DATA SECTION

'''

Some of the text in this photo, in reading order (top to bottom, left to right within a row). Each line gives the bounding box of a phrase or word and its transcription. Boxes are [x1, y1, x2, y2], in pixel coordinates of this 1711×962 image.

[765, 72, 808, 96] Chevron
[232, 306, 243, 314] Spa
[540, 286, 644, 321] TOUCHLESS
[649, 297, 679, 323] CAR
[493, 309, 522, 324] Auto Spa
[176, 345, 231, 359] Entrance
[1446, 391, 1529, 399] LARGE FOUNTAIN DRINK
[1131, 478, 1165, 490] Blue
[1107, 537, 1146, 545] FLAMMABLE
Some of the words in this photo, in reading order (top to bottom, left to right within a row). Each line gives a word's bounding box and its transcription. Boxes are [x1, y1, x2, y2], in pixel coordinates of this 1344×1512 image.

'''
'''

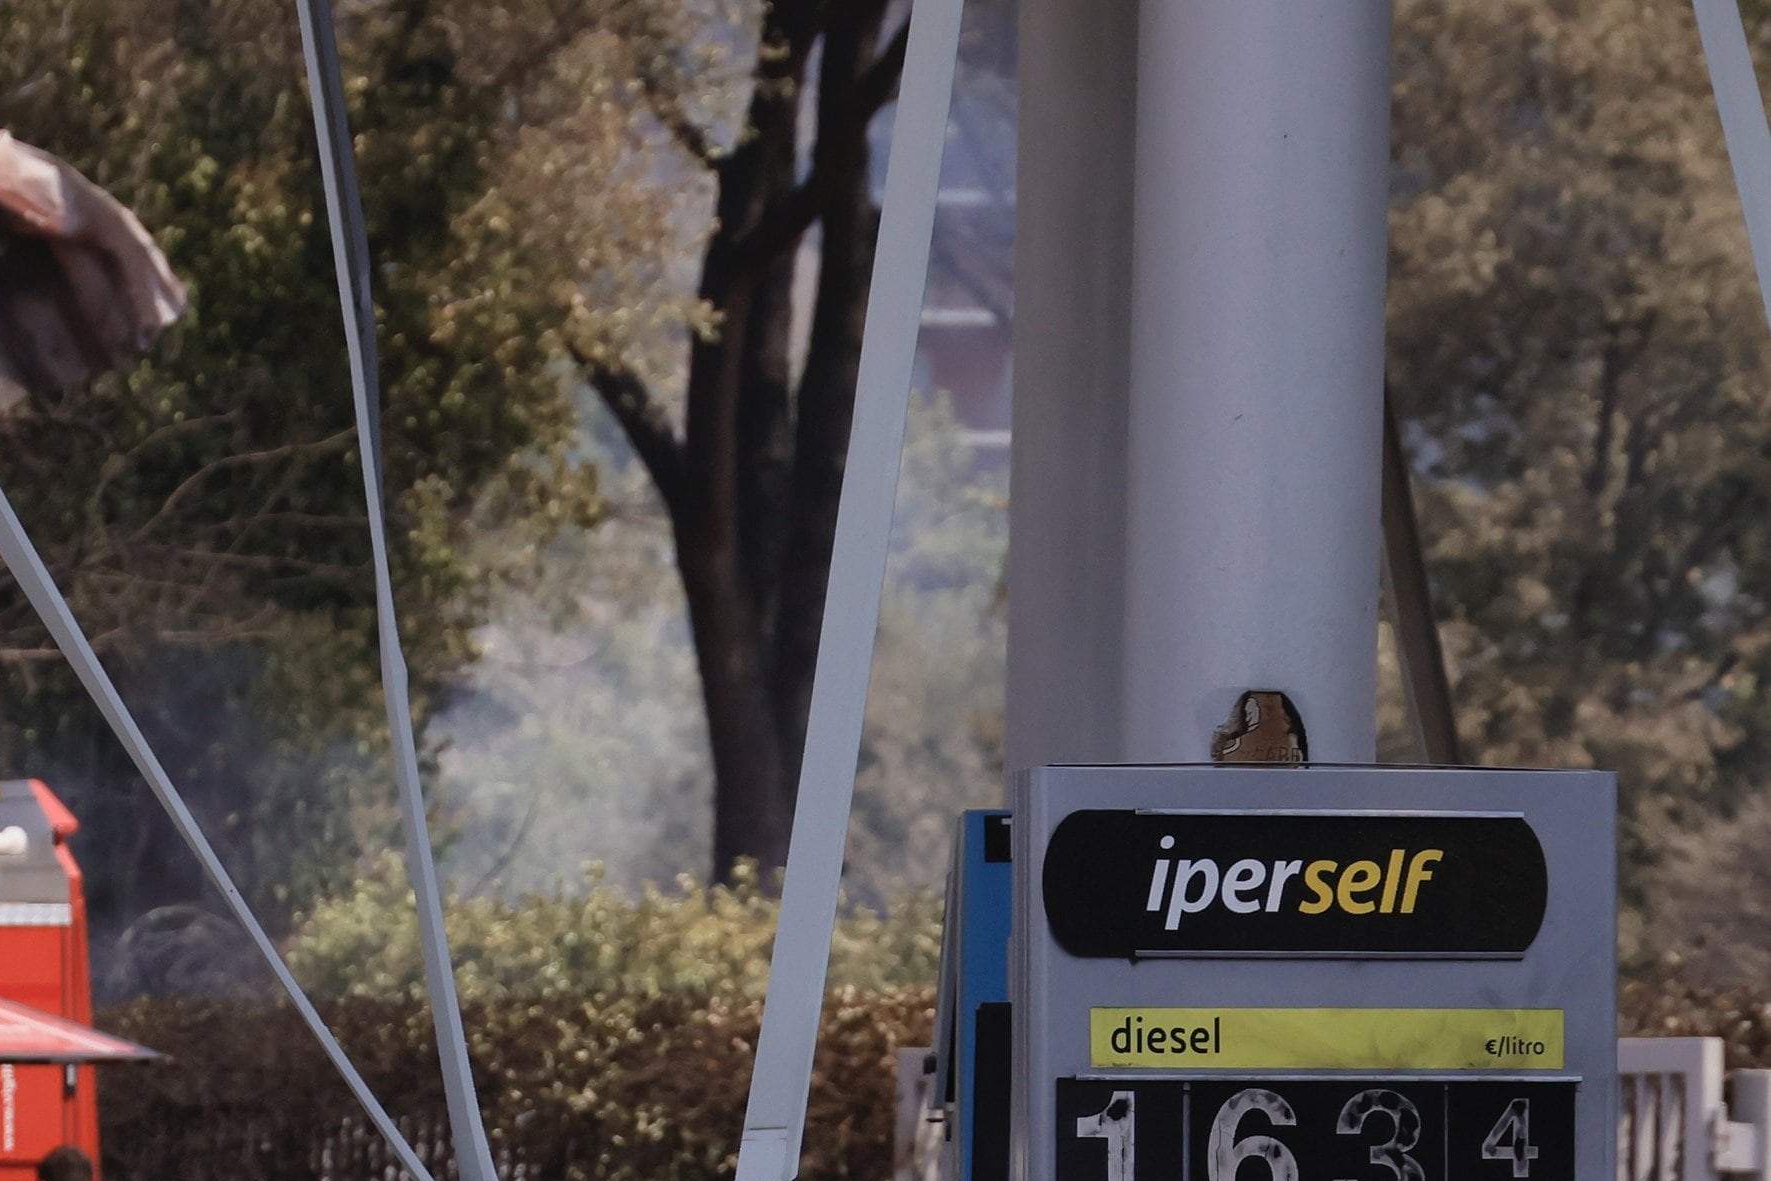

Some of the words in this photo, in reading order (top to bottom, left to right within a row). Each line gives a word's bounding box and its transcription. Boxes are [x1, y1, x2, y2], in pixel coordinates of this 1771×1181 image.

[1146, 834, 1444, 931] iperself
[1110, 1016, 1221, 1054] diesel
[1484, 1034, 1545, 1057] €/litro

'''

REQUIRED WORK
Copy back the listing above exactly, but only from the line with "Some of the text" through the line with "this 1344×1512 image.", both ends included.

OUTPUT BELOW
Some of the text in this photo, in reading order (top to bottom, left to right within a row). Each line gives the bounding box of a phrase or word and its transcription. Boxes are [x1, y1, x2, y2], in pixel coordinates of this 1711×962 image.

[765, 72, 808, 96] Chevron
[232, 306, 243, 314] Spa
[540, 286, 644, 321] TOUCHLESS
[649, 297, 679, 323] CAR
[493, 309, 522, 324] Auto Spa
[176, 345, 231, 359] Entrance
[1446, 391, 1529, 399] LARGE FOUNTAIN DRINK
[1131, 478, 1165, 490] Blue
[1107, 537, 1146, 545] FLAMMABLE
Some of the words in this photo, in reading order (top to bottom, left to right within a row). Each line gives a word's bounding box and its transcription. Boxes are [x1, y1, x2, y2], in pixel coordinates of this 1344×1512 image.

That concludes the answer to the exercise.